ABOUT THIS EXERCISE:
From the line with "this 1548×1376 image." to the final line of the records, every line is to be duplicated exactly, both of those lines included.

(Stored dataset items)
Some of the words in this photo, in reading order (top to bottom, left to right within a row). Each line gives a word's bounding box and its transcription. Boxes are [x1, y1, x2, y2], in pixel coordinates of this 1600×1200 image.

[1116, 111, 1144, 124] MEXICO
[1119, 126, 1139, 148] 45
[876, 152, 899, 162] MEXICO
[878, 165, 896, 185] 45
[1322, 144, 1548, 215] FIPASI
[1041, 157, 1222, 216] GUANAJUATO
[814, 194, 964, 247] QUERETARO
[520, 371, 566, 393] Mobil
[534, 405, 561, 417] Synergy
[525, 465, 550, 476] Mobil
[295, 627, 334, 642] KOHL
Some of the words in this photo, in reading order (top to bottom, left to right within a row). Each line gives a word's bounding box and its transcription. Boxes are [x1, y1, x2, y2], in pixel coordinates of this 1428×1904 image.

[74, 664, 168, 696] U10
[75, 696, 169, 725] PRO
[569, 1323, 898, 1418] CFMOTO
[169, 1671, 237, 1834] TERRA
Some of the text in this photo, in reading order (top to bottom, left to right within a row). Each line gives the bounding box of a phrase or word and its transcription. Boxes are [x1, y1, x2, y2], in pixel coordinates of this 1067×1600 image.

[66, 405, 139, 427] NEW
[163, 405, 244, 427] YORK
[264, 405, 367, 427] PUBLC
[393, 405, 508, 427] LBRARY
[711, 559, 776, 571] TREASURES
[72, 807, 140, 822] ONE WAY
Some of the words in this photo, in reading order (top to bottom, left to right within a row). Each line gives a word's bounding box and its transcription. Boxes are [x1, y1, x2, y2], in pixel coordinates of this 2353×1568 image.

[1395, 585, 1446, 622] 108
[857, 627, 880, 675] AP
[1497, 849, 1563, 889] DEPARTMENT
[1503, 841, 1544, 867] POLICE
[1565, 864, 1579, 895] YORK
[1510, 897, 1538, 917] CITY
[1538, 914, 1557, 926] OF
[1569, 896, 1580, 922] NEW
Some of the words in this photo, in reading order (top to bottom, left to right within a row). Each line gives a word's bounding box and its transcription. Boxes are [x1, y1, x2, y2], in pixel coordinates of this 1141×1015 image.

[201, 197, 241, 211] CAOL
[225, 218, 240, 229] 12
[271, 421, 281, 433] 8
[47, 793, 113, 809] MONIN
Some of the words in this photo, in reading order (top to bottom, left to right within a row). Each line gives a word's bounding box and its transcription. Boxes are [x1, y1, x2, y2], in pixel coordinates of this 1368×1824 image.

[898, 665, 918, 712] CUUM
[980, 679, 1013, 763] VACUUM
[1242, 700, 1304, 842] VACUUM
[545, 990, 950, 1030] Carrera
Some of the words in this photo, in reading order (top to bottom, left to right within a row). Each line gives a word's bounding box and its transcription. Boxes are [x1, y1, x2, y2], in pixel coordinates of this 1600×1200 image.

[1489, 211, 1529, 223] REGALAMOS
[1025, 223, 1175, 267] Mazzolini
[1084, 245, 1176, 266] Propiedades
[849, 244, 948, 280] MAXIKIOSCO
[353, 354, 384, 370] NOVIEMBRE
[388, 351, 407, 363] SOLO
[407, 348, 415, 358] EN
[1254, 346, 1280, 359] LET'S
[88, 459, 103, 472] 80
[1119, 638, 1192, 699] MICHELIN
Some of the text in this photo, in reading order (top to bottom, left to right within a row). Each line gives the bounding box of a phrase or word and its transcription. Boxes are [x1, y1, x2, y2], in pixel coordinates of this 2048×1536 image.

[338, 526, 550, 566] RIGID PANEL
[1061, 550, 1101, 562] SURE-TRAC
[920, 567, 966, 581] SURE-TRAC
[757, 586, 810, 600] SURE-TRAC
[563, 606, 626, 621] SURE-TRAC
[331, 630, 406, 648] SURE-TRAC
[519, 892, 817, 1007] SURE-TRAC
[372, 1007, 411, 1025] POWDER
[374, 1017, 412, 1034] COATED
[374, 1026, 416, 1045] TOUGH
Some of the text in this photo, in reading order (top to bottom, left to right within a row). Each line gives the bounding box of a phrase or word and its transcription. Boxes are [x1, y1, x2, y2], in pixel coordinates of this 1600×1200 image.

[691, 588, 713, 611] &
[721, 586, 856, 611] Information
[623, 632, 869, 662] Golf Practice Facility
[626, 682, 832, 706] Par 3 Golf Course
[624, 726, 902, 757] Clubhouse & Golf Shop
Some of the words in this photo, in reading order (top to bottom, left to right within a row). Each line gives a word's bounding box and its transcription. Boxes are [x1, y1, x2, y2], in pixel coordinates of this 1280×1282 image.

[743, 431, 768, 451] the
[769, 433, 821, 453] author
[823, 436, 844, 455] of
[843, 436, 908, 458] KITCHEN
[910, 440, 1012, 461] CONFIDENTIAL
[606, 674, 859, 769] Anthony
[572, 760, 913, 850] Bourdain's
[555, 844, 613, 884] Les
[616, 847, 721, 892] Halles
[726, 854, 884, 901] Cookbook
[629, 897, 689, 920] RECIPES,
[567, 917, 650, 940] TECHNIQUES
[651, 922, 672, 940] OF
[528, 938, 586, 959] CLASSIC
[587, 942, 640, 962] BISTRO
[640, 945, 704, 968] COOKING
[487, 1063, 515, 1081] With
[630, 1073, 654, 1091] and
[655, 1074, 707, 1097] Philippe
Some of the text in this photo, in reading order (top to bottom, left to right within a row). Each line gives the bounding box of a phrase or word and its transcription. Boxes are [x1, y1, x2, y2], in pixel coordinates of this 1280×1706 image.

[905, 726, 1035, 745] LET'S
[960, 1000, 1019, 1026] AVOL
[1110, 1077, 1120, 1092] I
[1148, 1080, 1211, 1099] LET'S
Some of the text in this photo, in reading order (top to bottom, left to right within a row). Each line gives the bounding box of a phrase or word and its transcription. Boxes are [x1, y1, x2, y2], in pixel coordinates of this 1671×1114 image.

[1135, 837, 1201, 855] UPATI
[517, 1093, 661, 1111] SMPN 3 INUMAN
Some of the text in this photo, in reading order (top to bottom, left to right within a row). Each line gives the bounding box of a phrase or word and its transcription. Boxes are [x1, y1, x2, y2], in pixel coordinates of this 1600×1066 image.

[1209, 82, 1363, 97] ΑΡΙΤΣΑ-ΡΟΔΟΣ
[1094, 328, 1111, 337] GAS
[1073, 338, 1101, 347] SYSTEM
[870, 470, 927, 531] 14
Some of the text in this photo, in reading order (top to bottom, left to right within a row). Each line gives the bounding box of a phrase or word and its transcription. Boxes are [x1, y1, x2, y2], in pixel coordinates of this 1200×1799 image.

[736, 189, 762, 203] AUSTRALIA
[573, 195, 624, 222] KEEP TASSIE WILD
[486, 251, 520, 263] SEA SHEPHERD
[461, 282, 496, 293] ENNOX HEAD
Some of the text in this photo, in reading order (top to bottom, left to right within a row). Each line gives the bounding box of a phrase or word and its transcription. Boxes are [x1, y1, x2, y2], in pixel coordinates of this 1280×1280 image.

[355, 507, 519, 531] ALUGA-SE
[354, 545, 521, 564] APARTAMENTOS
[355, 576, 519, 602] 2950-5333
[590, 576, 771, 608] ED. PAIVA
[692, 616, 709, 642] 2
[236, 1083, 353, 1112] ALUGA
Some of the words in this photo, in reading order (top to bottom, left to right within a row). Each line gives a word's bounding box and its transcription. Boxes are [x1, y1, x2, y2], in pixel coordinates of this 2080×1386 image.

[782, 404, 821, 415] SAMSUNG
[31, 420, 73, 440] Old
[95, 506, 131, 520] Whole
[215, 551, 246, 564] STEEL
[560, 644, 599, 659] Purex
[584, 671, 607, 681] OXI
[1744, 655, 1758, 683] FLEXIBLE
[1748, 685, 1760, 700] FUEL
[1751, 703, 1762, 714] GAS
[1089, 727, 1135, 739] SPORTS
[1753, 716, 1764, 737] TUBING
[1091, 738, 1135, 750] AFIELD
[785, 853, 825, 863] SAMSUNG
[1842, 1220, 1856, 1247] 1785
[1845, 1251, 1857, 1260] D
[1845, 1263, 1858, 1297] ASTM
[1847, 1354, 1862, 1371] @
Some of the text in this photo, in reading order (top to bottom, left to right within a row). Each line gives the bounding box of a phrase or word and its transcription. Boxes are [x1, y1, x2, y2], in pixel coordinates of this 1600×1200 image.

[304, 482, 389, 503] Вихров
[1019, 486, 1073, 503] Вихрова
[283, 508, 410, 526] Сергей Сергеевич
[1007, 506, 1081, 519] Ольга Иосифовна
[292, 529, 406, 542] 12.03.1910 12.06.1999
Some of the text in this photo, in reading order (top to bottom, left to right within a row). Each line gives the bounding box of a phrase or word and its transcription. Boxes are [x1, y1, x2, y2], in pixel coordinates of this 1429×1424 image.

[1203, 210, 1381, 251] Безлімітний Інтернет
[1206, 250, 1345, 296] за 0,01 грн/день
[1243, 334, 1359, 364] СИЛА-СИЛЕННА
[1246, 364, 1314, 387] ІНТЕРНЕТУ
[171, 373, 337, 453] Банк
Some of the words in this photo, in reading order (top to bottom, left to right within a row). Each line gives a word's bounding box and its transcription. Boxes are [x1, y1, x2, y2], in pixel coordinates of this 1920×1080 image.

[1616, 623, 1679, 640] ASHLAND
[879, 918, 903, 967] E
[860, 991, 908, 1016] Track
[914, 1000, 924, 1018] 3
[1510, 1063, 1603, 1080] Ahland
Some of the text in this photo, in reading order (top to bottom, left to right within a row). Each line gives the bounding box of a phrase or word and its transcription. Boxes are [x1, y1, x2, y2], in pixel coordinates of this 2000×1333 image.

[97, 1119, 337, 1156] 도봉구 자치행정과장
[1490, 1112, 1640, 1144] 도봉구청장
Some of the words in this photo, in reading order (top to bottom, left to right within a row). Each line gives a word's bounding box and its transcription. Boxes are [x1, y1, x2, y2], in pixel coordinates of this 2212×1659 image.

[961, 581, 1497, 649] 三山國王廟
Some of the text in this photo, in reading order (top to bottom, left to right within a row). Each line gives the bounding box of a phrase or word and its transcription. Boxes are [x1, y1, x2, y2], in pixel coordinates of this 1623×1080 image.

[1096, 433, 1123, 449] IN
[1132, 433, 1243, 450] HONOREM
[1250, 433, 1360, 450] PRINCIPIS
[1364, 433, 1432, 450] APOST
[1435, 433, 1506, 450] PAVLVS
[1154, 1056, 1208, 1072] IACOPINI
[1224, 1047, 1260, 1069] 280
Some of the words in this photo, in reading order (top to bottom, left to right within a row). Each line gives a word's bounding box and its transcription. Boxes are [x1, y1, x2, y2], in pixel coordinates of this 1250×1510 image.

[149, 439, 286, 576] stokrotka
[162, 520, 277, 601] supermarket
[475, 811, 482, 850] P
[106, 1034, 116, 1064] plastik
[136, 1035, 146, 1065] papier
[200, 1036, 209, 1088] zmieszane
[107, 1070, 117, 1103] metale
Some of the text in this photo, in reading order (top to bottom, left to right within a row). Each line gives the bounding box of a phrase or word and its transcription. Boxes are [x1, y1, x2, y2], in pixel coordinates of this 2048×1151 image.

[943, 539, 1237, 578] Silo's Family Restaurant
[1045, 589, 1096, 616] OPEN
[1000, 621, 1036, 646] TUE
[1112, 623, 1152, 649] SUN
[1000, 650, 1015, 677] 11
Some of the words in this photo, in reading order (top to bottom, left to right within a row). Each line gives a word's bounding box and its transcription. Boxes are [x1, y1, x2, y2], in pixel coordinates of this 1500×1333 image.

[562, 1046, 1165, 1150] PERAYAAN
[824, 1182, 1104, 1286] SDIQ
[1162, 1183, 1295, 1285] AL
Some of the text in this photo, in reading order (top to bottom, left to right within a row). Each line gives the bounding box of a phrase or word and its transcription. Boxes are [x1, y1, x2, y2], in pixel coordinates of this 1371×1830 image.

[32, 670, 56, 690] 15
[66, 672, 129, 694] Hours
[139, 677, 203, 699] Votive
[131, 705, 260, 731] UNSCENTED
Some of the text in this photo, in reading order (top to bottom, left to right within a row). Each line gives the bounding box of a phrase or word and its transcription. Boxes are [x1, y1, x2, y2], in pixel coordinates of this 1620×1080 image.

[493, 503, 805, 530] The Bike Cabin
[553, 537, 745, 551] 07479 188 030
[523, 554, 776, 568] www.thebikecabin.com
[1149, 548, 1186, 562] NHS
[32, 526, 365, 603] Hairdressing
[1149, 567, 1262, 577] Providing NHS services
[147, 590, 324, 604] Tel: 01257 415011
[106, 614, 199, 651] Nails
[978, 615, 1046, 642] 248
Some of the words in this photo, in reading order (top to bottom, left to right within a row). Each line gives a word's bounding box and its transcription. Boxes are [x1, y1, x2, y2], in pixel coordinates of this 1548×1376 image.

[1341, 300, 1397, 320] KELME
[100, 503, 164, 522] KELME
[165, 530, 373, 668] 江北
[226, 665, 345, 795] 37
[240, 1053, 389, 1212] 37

ANSWER TO THE PROBLEM:
Some of the words in this photo, in reading order (top to bottom, left to right within a row). Each line gives a word's bounding box and its transcription. Boxes are [x1, y1, x2, y2], in pixel coordinates of this 1548×1376 image.

[1341, 300, 1397, 320] KELME
[100, 503, 164, 522] KELME
[165, 530, 373, 668] 江北
[226, 665, 345, 795] 37
[240, 1053, 389, 1212] 37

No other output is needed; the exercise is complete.